I just realized that I wanted to do the NaBloPoMo this month. So I guess that requires a post for the very first day of the new month, ne? It would sorta suck to blow it all the first day. =P
Today was good, until it wasn't. And then it really, really wasn't. I am stuck like a thing that is stuck. I guess that's why I've been so gung-ho about finishing the Shawl of Doom today (not quite, though I do have 8 out of the 12 end points finished) - I just want to finish something. Feel like I actually CAN accomplish something, that I'm not completely blocked, even if it's just something silly and unimportant. I sorta feel like this is a metaphor for my life:
This damn thing has taken me over three years. It is not even the slightest bit perfect, and it has been a struggle from the second I cast it on. I messed up practically on the first row. People, the first row only had like...3 or 4 stitches. How can someone mess THAT up? *raises hand* That would be me. There has been dropped stitches, and too many stitches, and then not enough. I've had to pull back and reknit and finally just ignore, all the while thinking, "Man, wouldn't it be nice to sail through a few rows without the slightest mistake?" And then bah, the numbers are wrong...yet again. Three years, you'd think that I'd get at least better at it, and nope. I'm pretty much the same blundering soul as when I started. And then, last night, the main body was finally. freaking. done. I just sailed through the end points today.
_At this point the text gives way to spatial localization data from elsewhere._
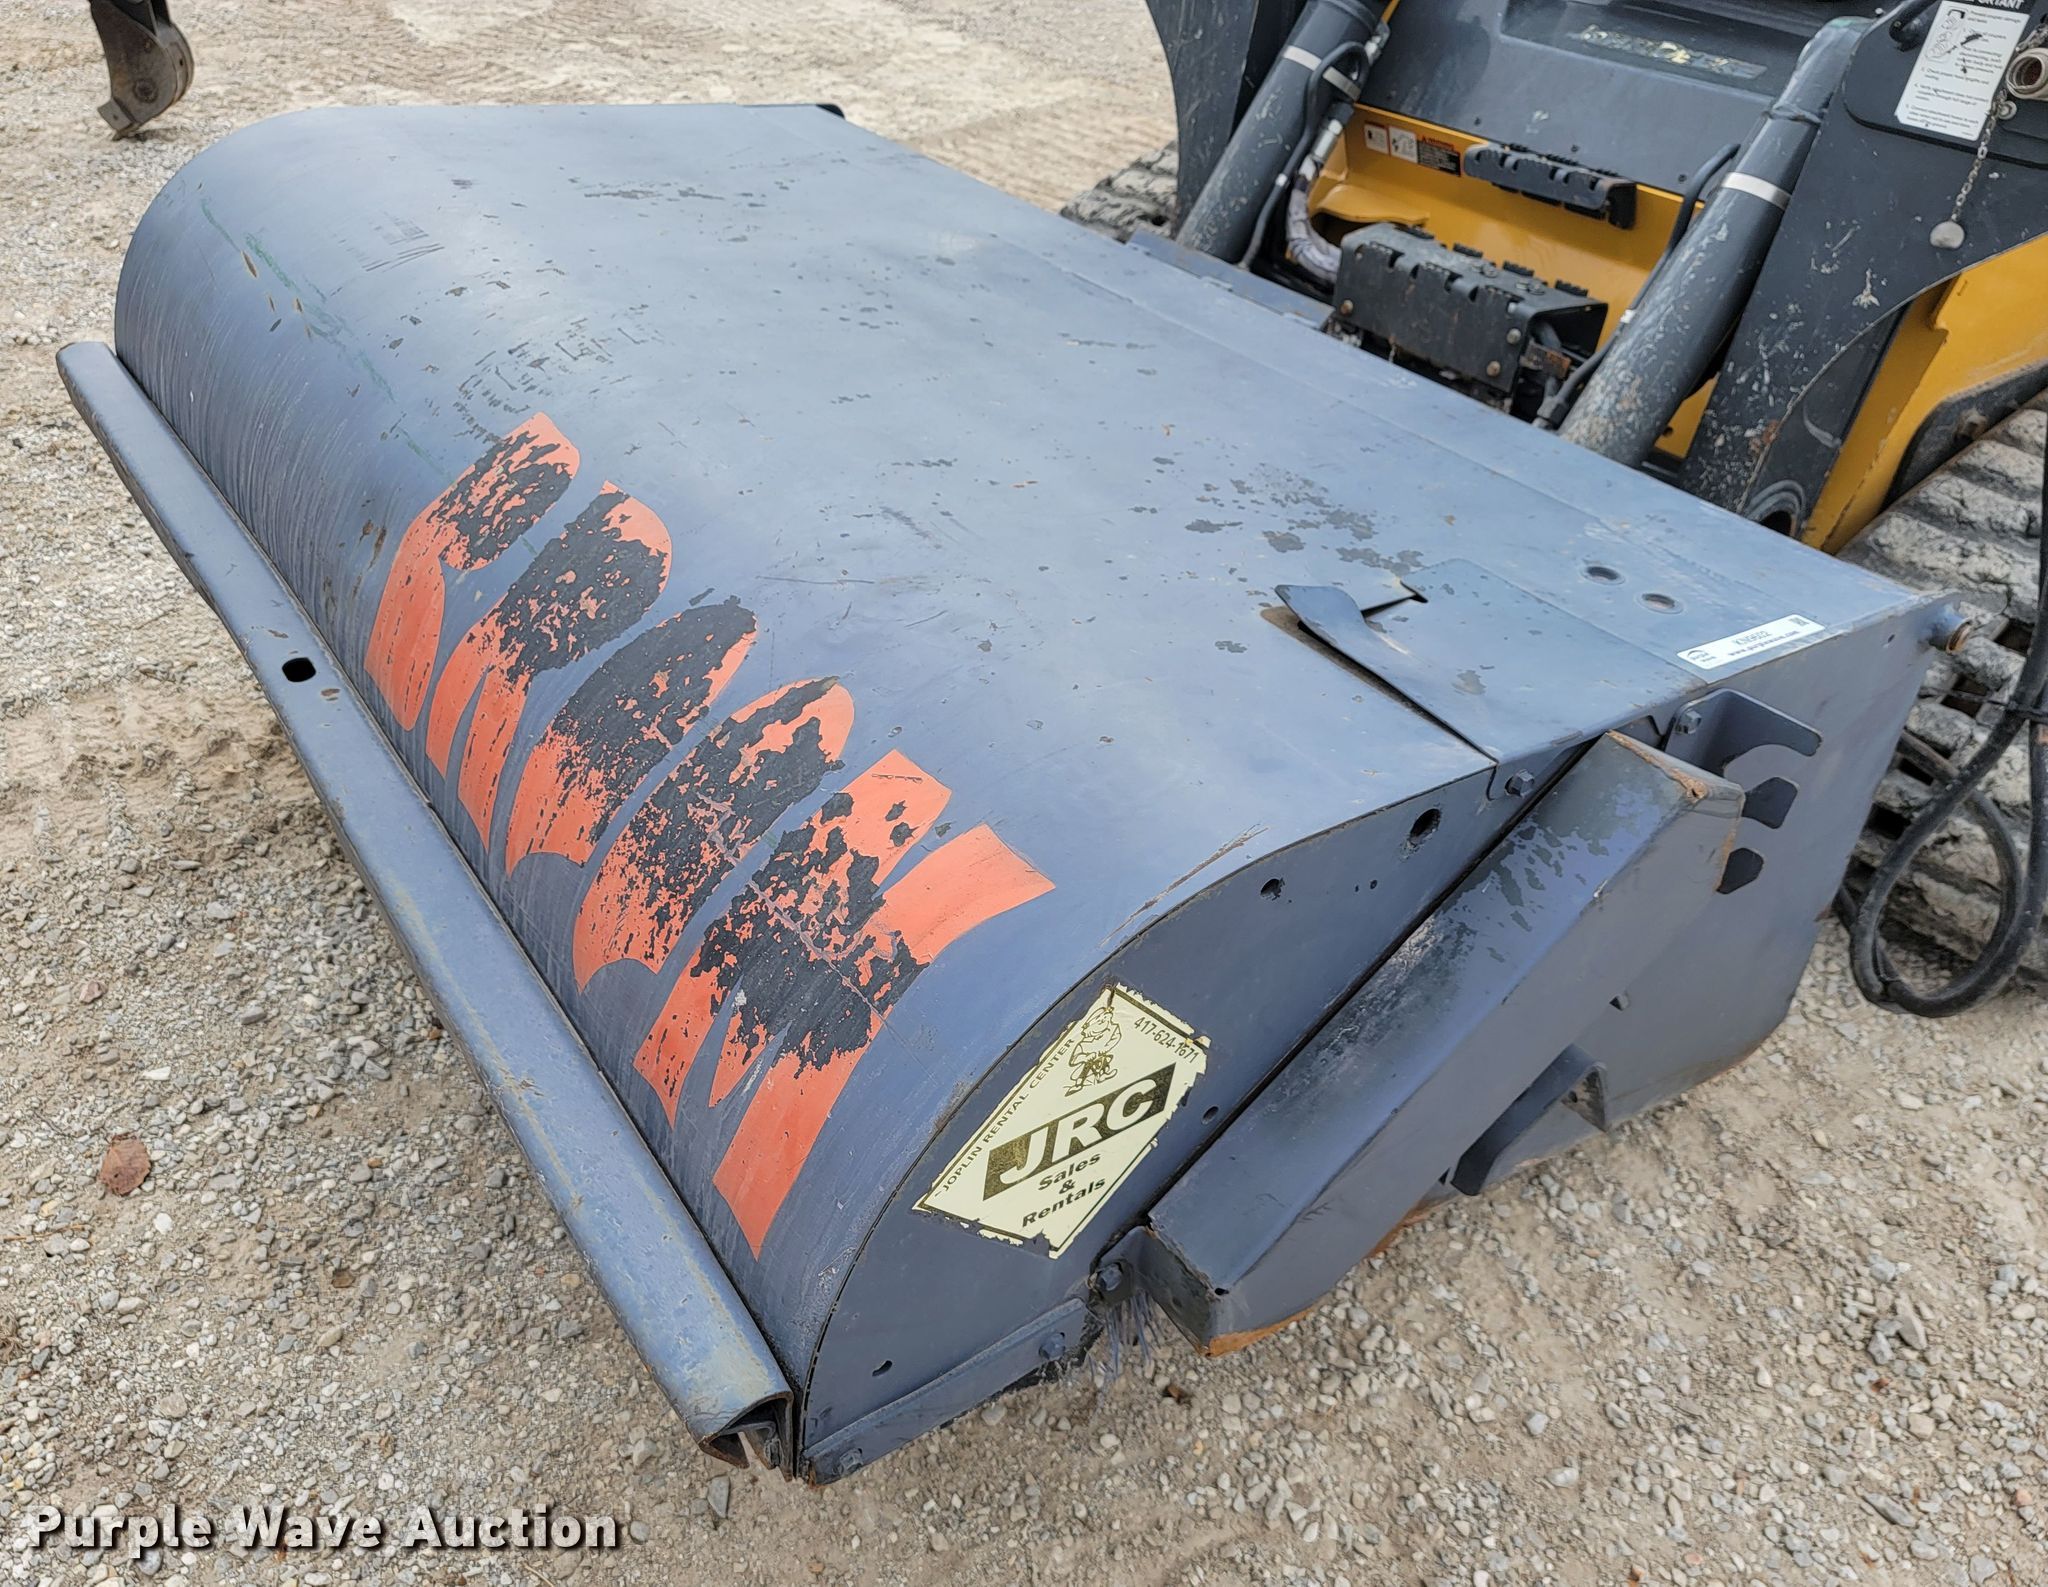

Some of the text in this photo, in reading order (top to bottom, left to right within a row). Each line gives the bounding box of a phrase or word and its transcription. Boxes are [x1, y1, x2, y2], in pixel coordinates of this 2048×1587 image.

[1134, 1015, 1199, 1064] 417-624-1671
[941, 1037, 1075, 1193] JOPLIN RENTAL CENTER
[999, 1078, 1159, 1186] JRC
[1038, 1153, 1101, 1191] Sales
[1058, 1180, 1076, 1195] &
[1021, 1177, 1106, 1228] Rentals
But, in a moment of my usual sudden burst of cautiousness, I decided to brave the daunting number of stitches on my needle and actually COUNT them, just to make sure that I had the right number. And you know what? Instead of 300, I had 299. Now, I know that it could've been worse (even then, I HAVE NO IDEA HOW I KEEP MANAGING TO NOT HAVE THE RIGHT NUMBER. Is it really me? Am I totally that stupid EVERY SINGLE TIME?) but it still had me wanting to throw the whole thing across the room, propelled by an angry "SON OF A BITCH!" I contemplated, right then and there, just ripping the whole thing out, winding up the yarn, and hiding it, pretending "Shawl? What shawl? I have no idea what you're talking about." Instead, I finished the point I was working on, started in the next, and did what I've done through out the whole thing: surreptiously add that missing stitch back. They'll never know.
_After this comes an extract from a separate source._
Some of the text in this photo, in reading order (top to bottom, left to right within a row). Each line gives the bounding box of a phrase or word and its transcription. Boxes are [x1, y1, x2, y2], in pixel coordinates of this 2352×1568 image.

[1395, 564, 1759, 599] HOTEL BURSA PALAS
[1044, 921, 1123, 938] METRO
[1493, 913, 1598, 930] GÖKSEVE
There have been so many things that I've given up on. So many people, so many situations, so many dreams, and so many wishes. I've given up on my family, on my friends, on my co-workers, and mostly, on myself. I cannot, will not, give up on this damn shawl. It is only knitting, I have to keep telling myself, and no lives are at stake. It is not a life or death matter. And, no matter how much that one measly, missing stitch made me want to, it should not drive me to throw myself upon my knitting needles, hoping for a fatal wound. It'll get finished. Probably tomorrow. And I will wash it, and block it, and make it all nice and even, and try to hide as many mistakes as I can. Because even while it's one of the most imperfect things I've ever made, it is still soft and warm, and damn it...it's one more thing that I've managed to finish.